To reduce noise, we will group countries into bins by their population densities, and then compute the mean vaccination rate within each bin. To be precise, we will divide the countries into $k$ bins based on *sample quantiles* -- *pandas* provides the `pd.qcut` function for just this purpose. The first bin will countain the lowest-density countries, the second bin will contain the next lowest density countries, and so forth. We'll leave understanding how to use `pd.qcut` as an exercise for the reader -- remember, the documentation is helpful!

To answer this question, create a function named `partially_vaccinated_by_pop_density` that accepts three arguments: a DataFrame like `tots`, a DataFrame like `pops_fixed`, and an integer, `k`, and returns a Series of average vaccination rates within each of the $k$ bins described above.

The index of the Series should be the population density bin(s) returned by `pd.qcut`, and values should be average vaccination rates for countries in those bins as decimal numbers between 0 and 1.

The index should be in sorted ascending order so its easier to see if there is a relationship between vaccination rates and the population density of a country.

**Note**:
- The $k$ population density bins *must* be generated by using the `pd.qcut` function. This means the index of the returned series must contain objects of the type [pd.Interval](https://pandas.pydata.org/docs/reference/api/pandas.Interval.html) with `closed='Right'` which corresponds to an interval from a (exclusive) to b (inclusive) seen in math such as (a, b]
- For the purposes of this question, we define vaccination rate to be the number of individuals with at least one dose divided by the total population. 
- You may note when getting the vaccination rates for countries that some of them are greater than 1, you should clip these values to keep them between 0 and 1 before calculating the average vaccination rate for the population density bins.
- Note that your function will be doing a lot: it has to merge data sets, discretize the data into bins, compute vaccination rates, etc. Despite this, the code does not need to be all that long or complex -- it is possible to solve this with a handful of lines of code.

In [56]:
# run this to see the result, and don't change this cell -- it is used by the tests
bin_10 = partially_vaccinated_by_pop_density(tots, pops_fixed, 10)
bin_10

In [57]:
# a plot of the mean vaccination rate by density bin - what do you think?
bin_10.plot.bar()

In [None]:
grader.check("q5")

That's it for Part 1 of the project!

---

<a name='part2'></a>

## Part 2: Vaccine Effectiveness 💉

There has naturally been much interest in the effectiveness of COVID-19 vaccines.
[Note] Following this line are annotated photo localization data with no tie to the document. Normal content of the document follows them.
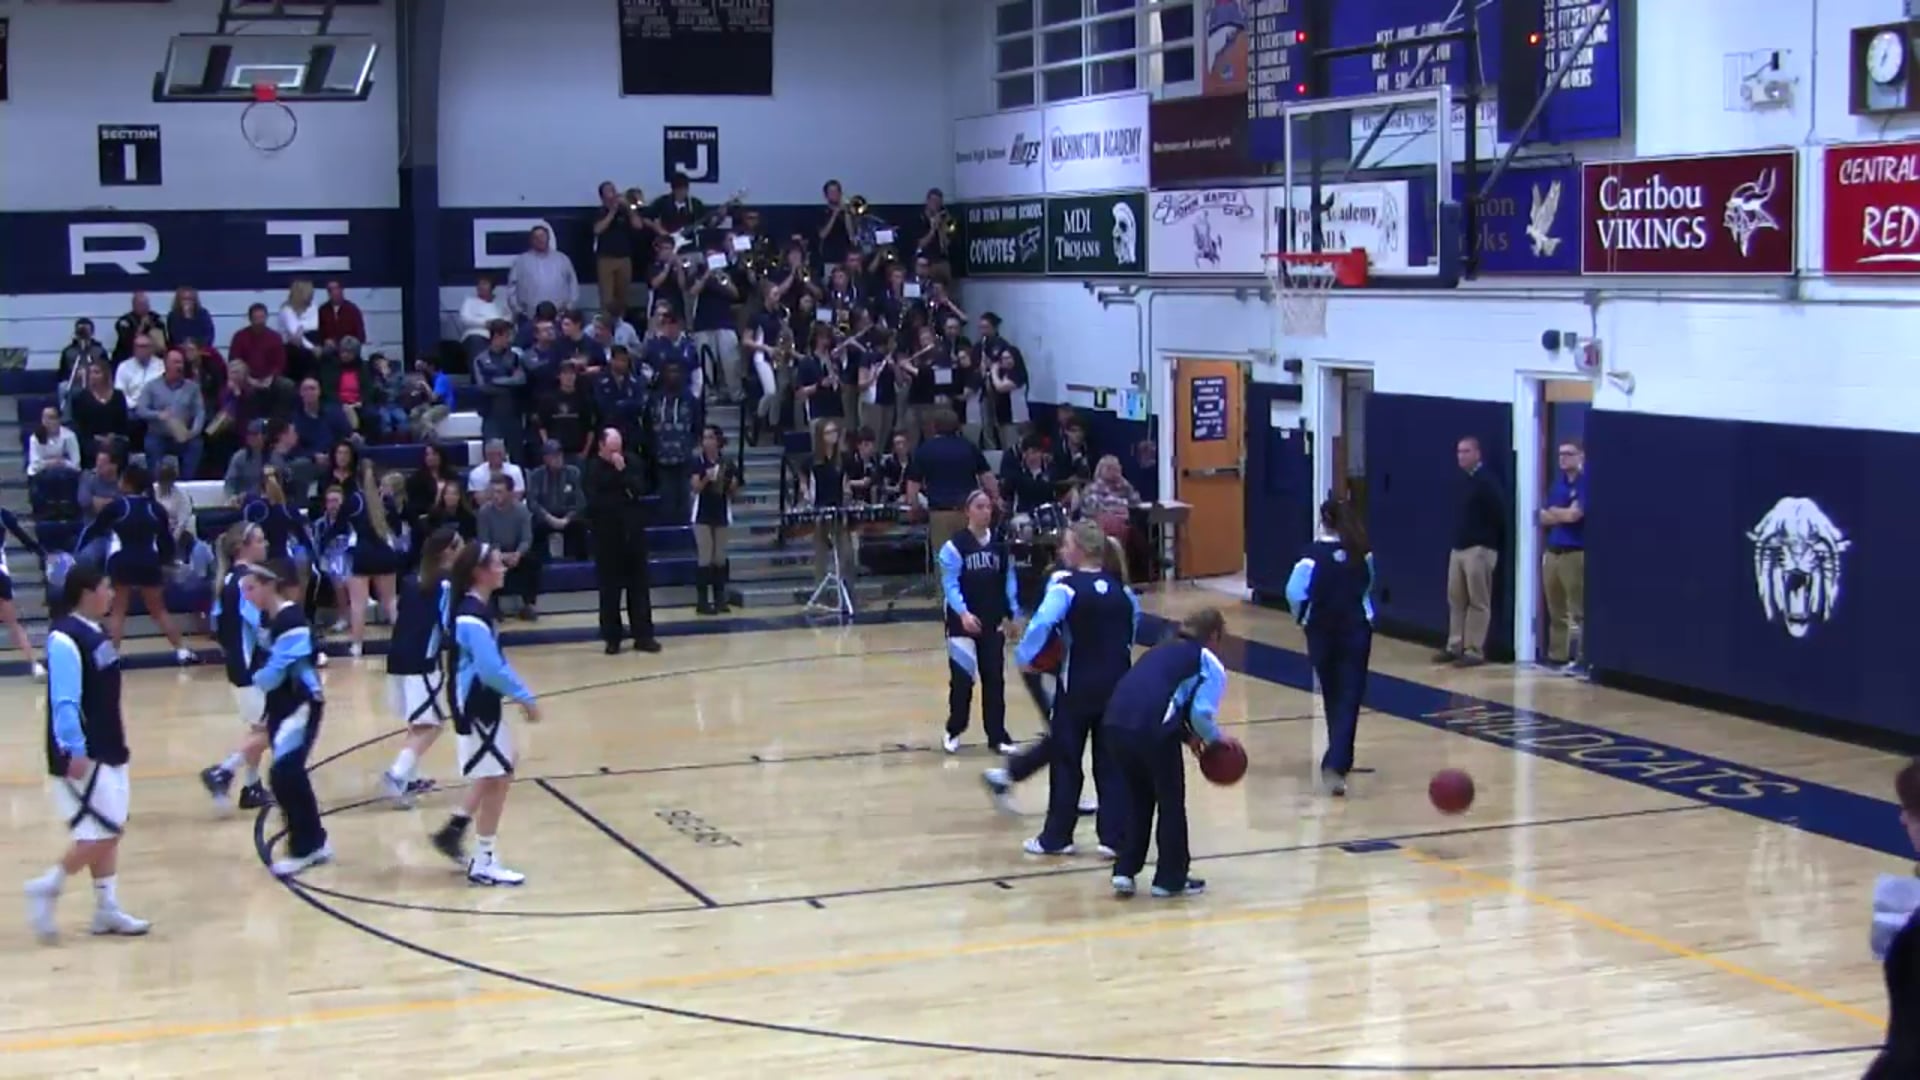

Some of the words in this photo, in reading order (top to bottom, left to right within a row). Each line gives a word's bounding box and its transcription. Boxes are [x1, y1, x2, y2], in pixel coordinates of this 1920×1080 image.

[101, 129, 158, 140] SECTION
[667, 130, 717, 140] SECTION
[1051, 131, 1100, 163] WASHINGTON
[1103, 127, 1142, 158] ACADEMY
[675, 143, 709, 179] J
[1838, 155, 1919, 185] CENTRAL
[1600, 174, 1703, 212] Caribou
[1063, 208, 1091, 234] MDI
[1596, 216, 1707, 250] VIKINGS
[1862, 206, 1919, 247] RED
[969, 238, 1017, 264] COYOTES
In particular, recent reports suggest that the effectiveness of vaccines – and the Pfizer vaccine in particular – may decrease over time. While this is true, the public perception of declining vaccine effectiveness has been affected by what is often a poor use of statistics by media outlets.

For example, take the following blurb from [this article](https://www.cbc.ca/news/world/israel-covid-delta-variant-booster-1.6159472) on the Canadian Broadcasting Corporation's website (emphasis added):

> Meanwhile, Israeli health officials reported what appeared to be a waning efficacy of the vaccine, including among those who had been double vaccinated. **Data showed that of the serious cases being admitted to hospital, around 60 per cent of patients were people who had been fully vaccinated**, though most were over 60 or with underlying health conditions.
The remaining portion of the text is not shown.